Printing a Book of Fine Art Photography and Essays Funded by Kickstarter

Warning: this book will make you jealous of its authors. TAKK: Explorations of Nordic Café Culture is a beautiful book of fine art photography and essays exploring the integral role that coffee plays in Nordic communities. Written by Samantha Albert with photographs from Corey Kingston, TAKK (which is Icelandic for thanks) takes readers on a tour of cafés in Sweden, Finland, Norway, Iceland, and Denmark.

In 2012, Samantha and Corey raised $16,163 via Kickstarter to fund their travel and the book’s printing. They traveled for three months, looking at “the commonalities and differences in aesthetics, rituals, and virtues found in cafés and homes through the five Nordic countries.” After returning home, they took their time to put the book together, and their care and effort shows.
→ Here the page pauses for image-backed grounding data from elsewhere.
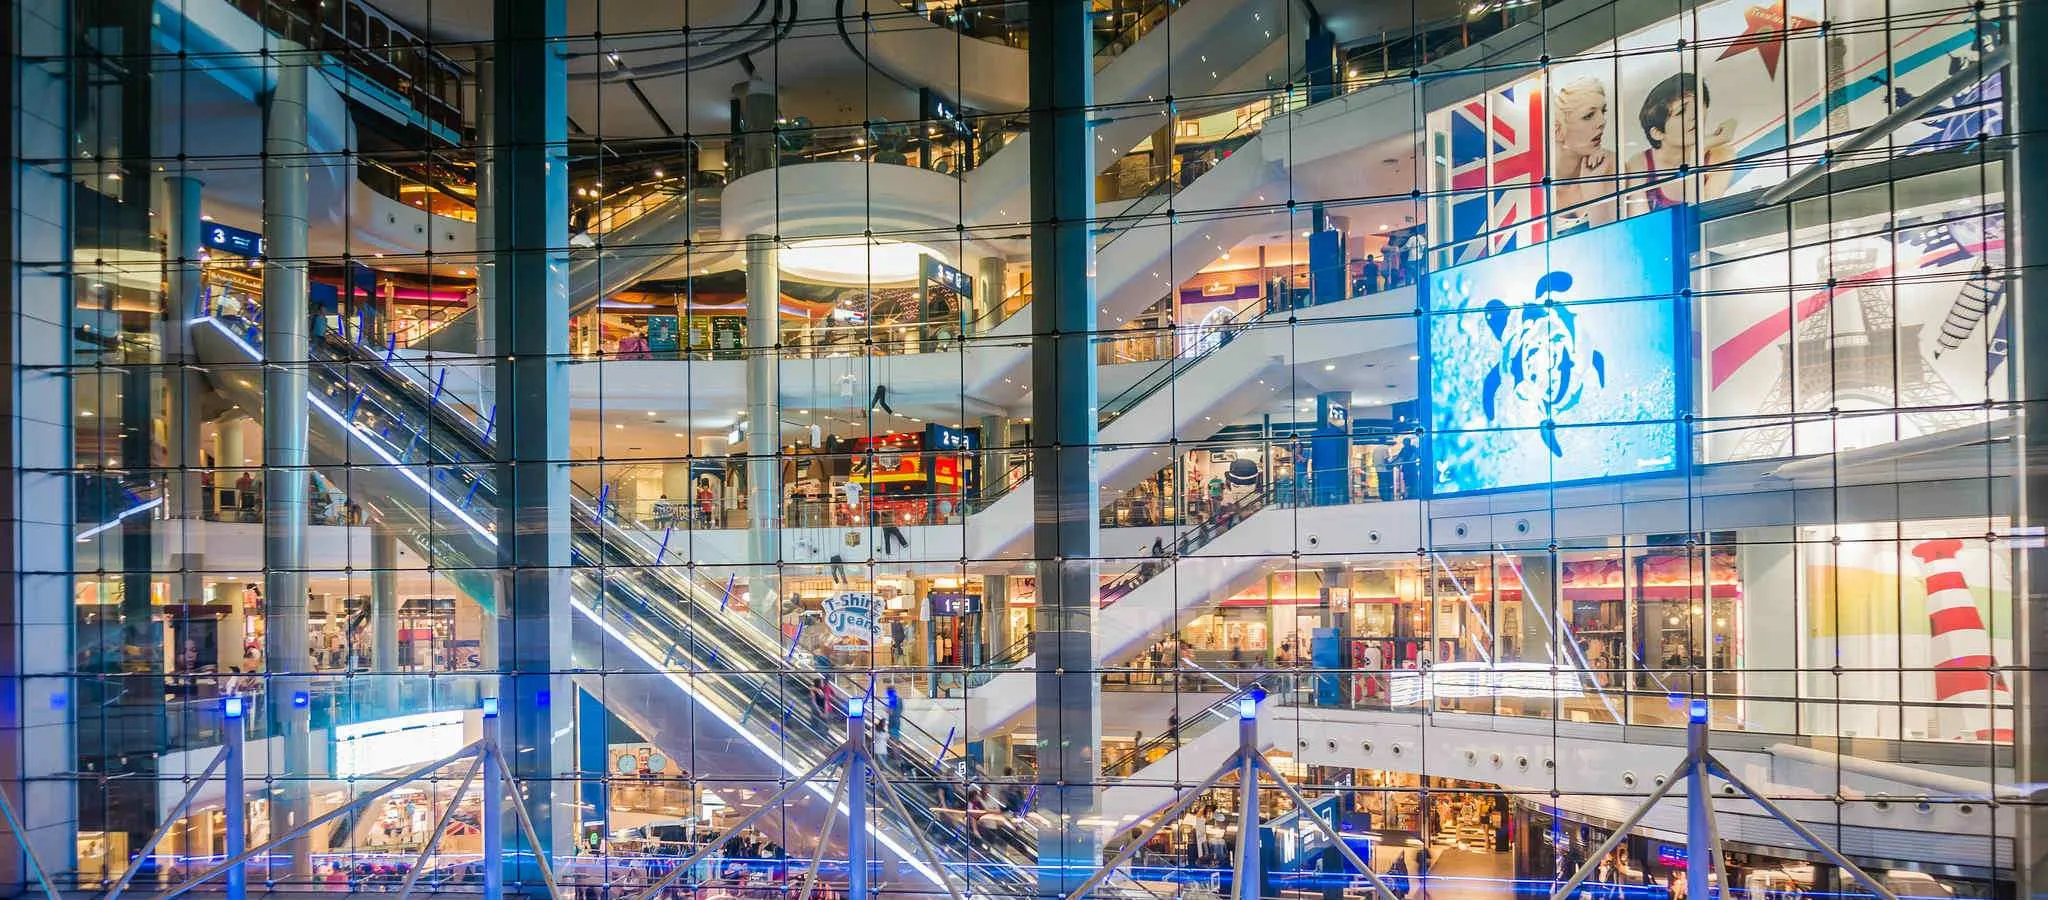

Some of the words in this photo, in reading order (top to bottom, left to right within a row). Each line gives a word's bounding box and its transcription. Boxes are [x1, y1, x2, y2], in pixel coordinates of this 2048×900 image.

[213, 228, 225, 244] 3
[943, 431, 950, 446] 2
[945, 599, 951, 613] 1
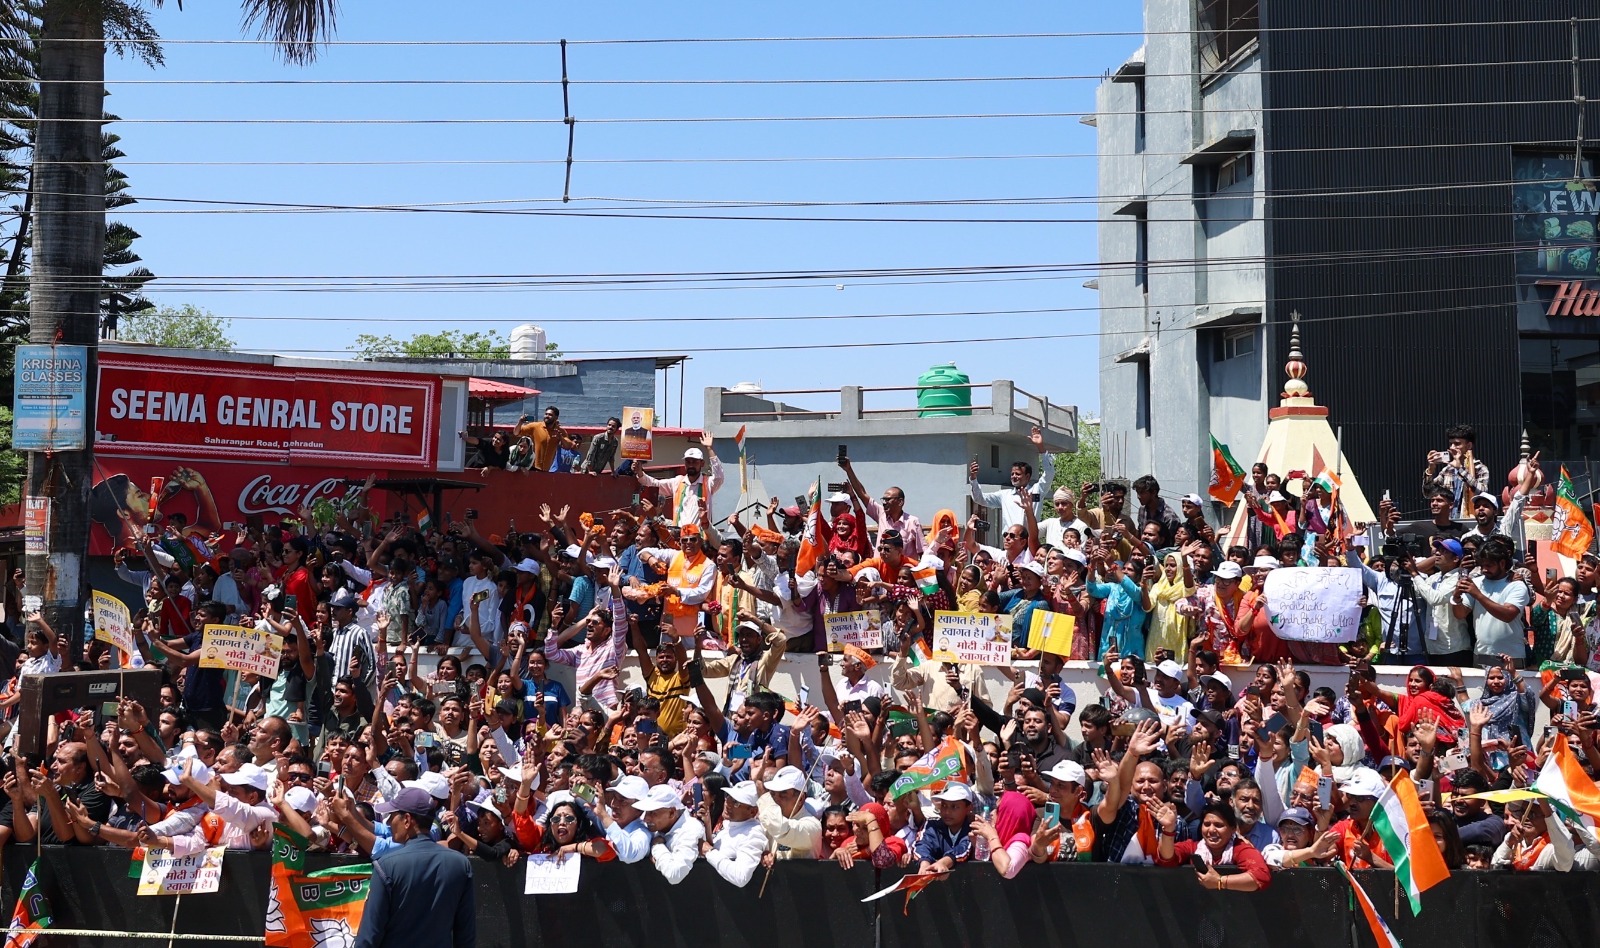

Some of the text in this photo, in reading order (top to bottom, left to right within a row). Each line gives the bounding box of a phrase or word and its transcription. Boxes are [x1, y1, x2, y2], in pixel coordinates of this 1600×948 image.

[21, 358, 82, 370] KRISHNA
[20, 370, 83, 383] CLASSES
[110, 388, 413, 435] SEEMA GENRAL STORE
[204, 436, 324, 449] Saharanpur Road, Dehradun
[937, 615, 989, 626] स्वागत है जी
[208, 629, 260, 641] स्वागत है जी
[942, 627, 984, 638] स्वागत है।
[211, 638, 255, 650] स्वागत है।
[957, 640, 1007, 652] मोदी जी का
[225, 650, 276, 667] मोदी जी का
[959, 653, 990, 661] स्वागत
[993, 653, 1004, 663] है।
[227, 660, 258, 671] स्वागत
[152, 855, 195, 868] स्वागत है।
[166, 870, 187, 880] मोदी
[189, 869, 201, 879] जी
[166, 882, 198, 891] स्वागत
The print book is 8″ x 10″, with 266 pages. Bookmobile printed the color interior on 70-lb. uncoated white stock, with interior bleeds. The uncoated stock is a great choice for photography interiors: it gives the landscape spreads a very rich look.

The cover is exceptional—they chose our ivory card stock, with matte lay-flat lamination. There is no printing on the front or back cover, just the word “TAKK blind debossed on the front cover, and two coffee cups blind embossed on the back. The title is printed on the spine, subtly in faint gray type, and the bar code is printed on the inside back cover, so it doesn’t divert attention from the minimalist cover design.
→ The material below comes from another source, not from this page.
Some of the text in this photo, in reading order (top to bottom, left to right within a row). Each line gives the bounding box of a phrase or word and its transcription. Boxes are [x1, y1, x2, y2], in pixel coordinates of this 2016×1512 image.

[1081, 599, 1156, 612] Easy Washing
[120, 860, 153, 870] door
I first started talking with Corey in the Fall of 2014 about pricing and options for the printing. From the beginning, they were interested in debossing the cover. In December, we did a set of very preliminary proofs for them, so they could adjust color as needed and take their time with edits (Corey was moving from the West Coast to the East Coast at the time as well). In early March, they were ready with final files. They had an event scheduled in Seattle on April 10th, but that turnaround was not an issue, given the easy and fast “okay to print” on the new proofs. We also had enough time to ship the event copies via Ground to Seattle, which saved on costs.
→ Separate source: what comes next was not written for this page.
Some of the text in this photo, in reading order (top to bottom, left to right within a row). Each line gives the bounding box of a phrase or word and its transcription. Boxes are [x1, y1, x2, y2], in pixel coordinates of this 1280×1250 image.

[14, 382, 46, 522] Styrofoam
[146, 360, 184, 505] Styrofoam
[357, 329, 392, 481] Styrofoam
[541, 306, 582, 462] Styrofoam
We kept a portion of the print run here at Itasca Books, and Itasca will be fulfilling orders for  TAKK. Corey and Samantha are selling the book Direct-to-Consumer from their website (and I recommend purchasing a copy), which is a great choice: they know who their audience is from their Kickstarter campaign, so why not reach out to them directly and get a larger percentage of the sale, instead of sharing it with a distributor?

As Corey describes,

Samantha and I made the choice to self-publish our book because we wanted to have complete creative control over the process and the final product. We chose Bookmobile for their high quality and short-run printing options, and they lived up to their great reputation. Not only is our book aesthetically beautiful, but Bookmobile delivered our books before our deadline. The process was seamless, and our concerns and questions were always addressed swiftly. We loved working with Bookmobile’s fulfillment center partner, Itasca, to make the process even more streamlined. We are grateful to Nicole and the whole Bookmobile team who turned our dream into a reality. We are delighted with our final book. It is everything we dreamed it would be.

As with other titles we’ve seen that are thoughtfully put together and whose authors know their niche well (for example, The Baby as Art Workbook, The Monolyth, and Secret Atlas of North Coast Food, among others), I suspect Samantha and Corey will be back very soon for a reprint.